(Images for object localization)
····················

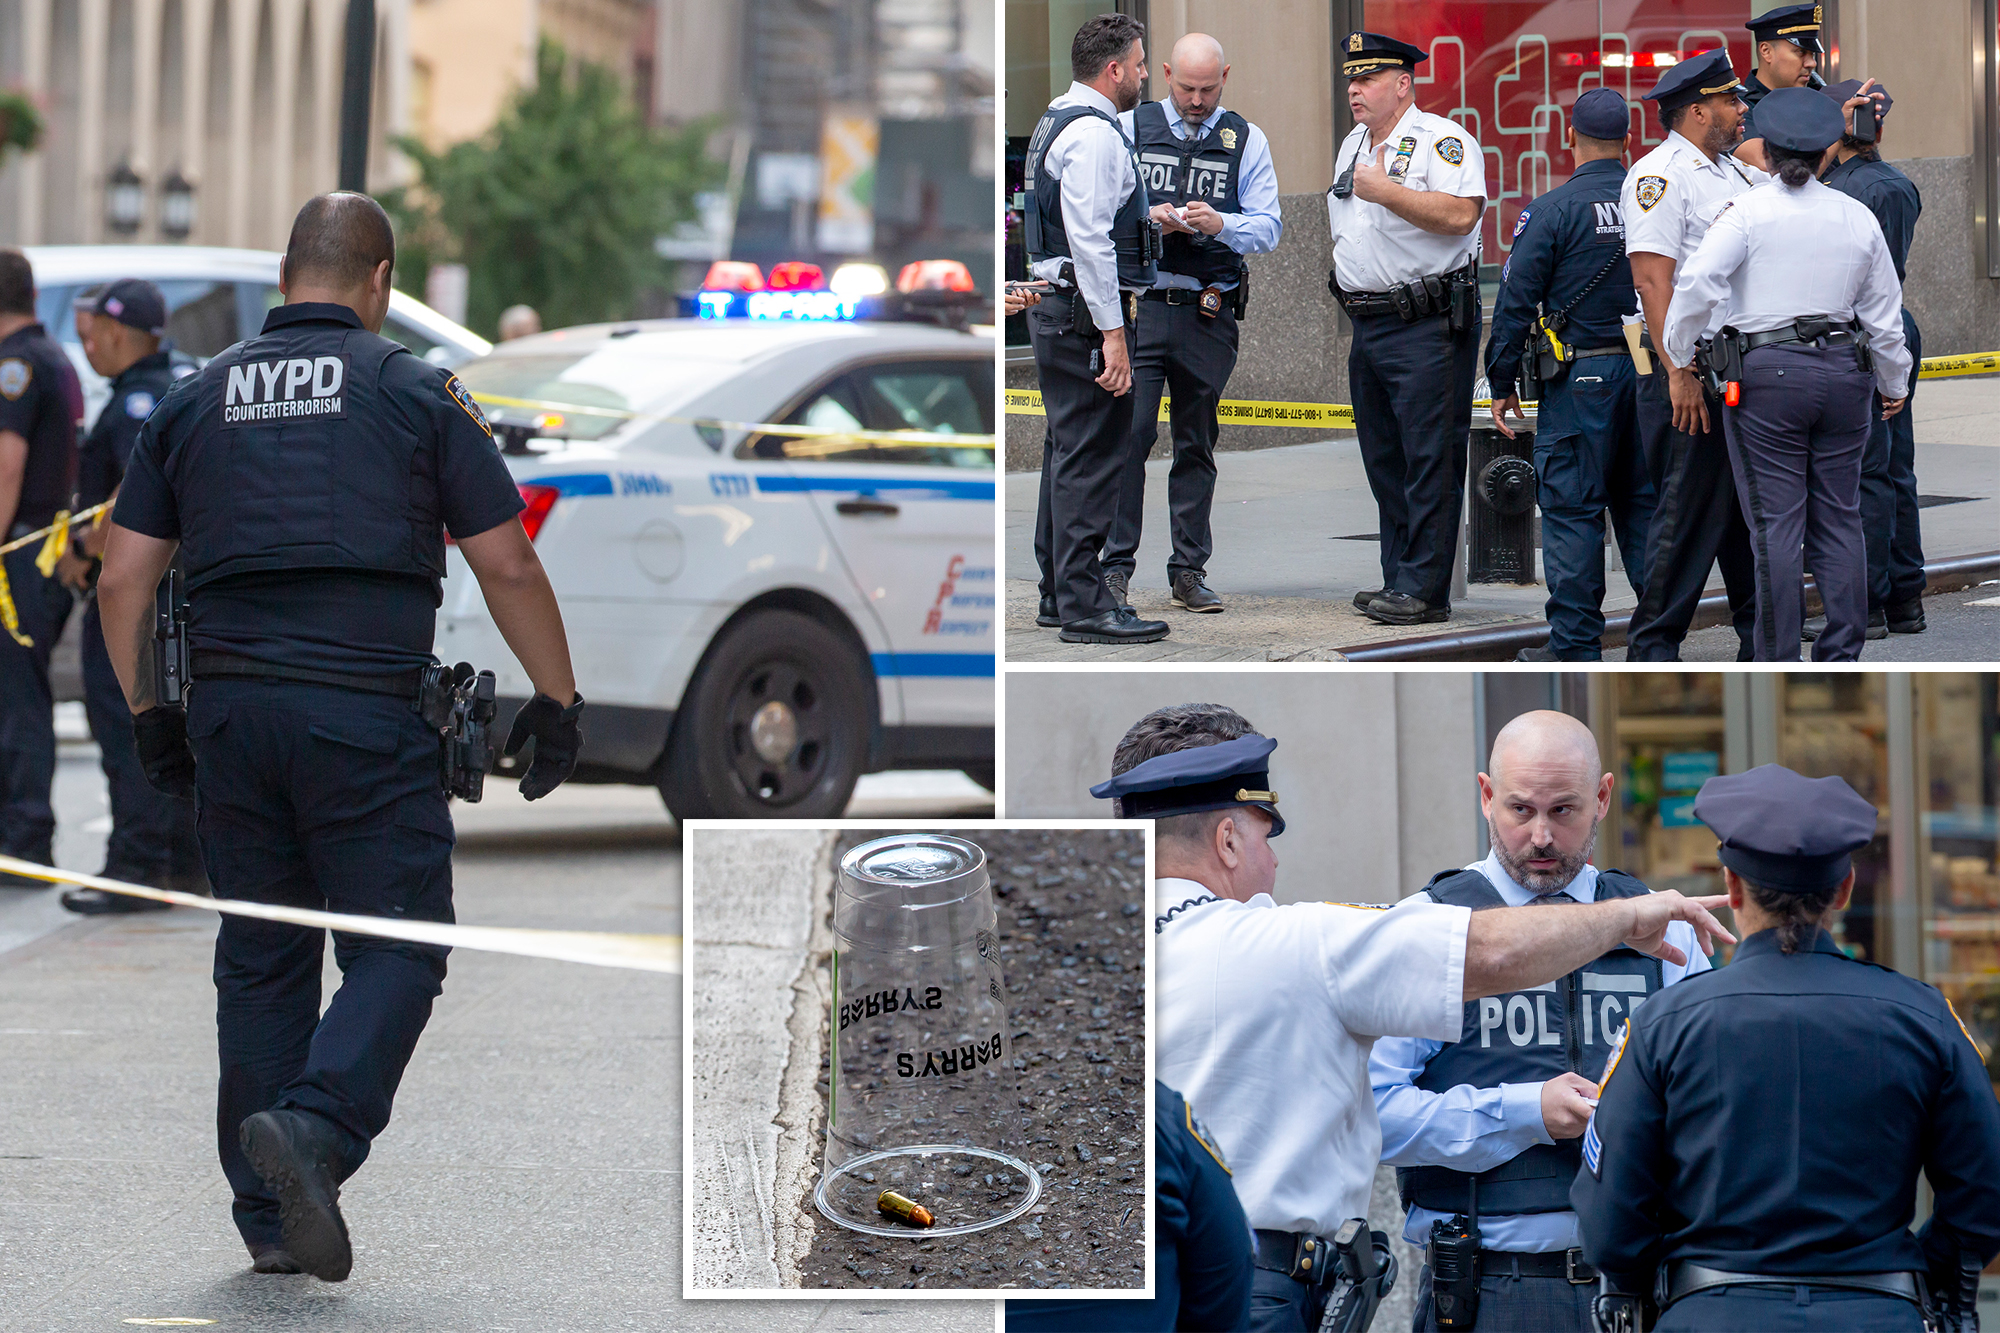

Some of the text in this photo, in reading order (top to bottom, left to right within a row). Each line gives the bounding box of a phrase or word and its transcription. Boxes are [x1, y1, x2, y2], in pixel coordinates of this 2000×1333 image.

[1139, 164, 1228, 198] POLICE
[225, 356, 344, 406] NYPD
[1010, 394, 1030, 407] CRIME
[225, 397, 341, 422] COUNTERTERRORISM
[1234, 406, 1253, 417] CRIME
[1255, 406, 1274, 420] (8477)
[1274, 408, 1322, 420] 1-800-577-TIPS
[1328, 408, 1355, 419] toppers
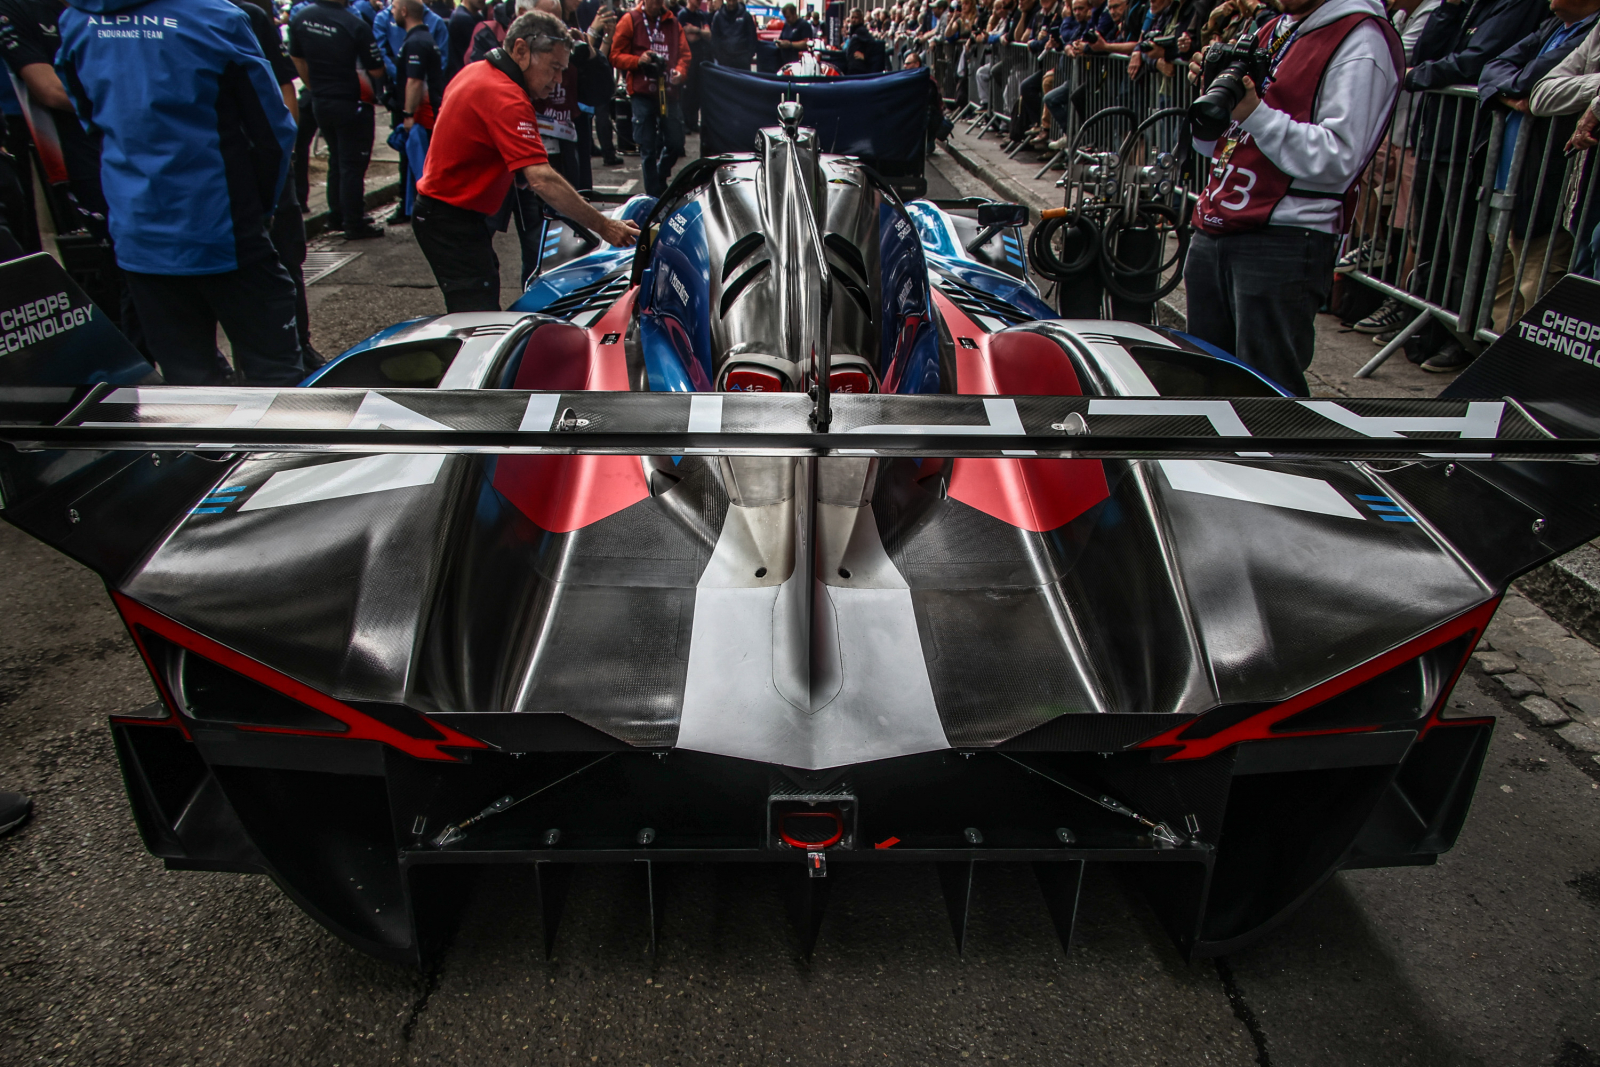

····················

Task details: Could you please repeat the entries above exactly, with every picture left out?

Exercise response:
Some of the text in this photo, in reading order (top to bottom, left to right within a row). Each line gives the bounding box of a phrase or word and its transcription. Boxes are [x1, y1, x2, y2], in pixel coordinates of this 2000×1333 image.

[1139, 164, 1228, 198] POLICE
[225, 356, 344, 406] NYPD
[1010, 394, 1030, 407] CRIME
[225, 397, 341, 422] COUNTERTERRORISM
[1234, 406, 1253, 417] CRIME
[1255, 406, 1274, 420] (8477)
[1274, 408, 1322, 420] 1-800-577-TIPS
[1328, 408, 1355, 419] toppers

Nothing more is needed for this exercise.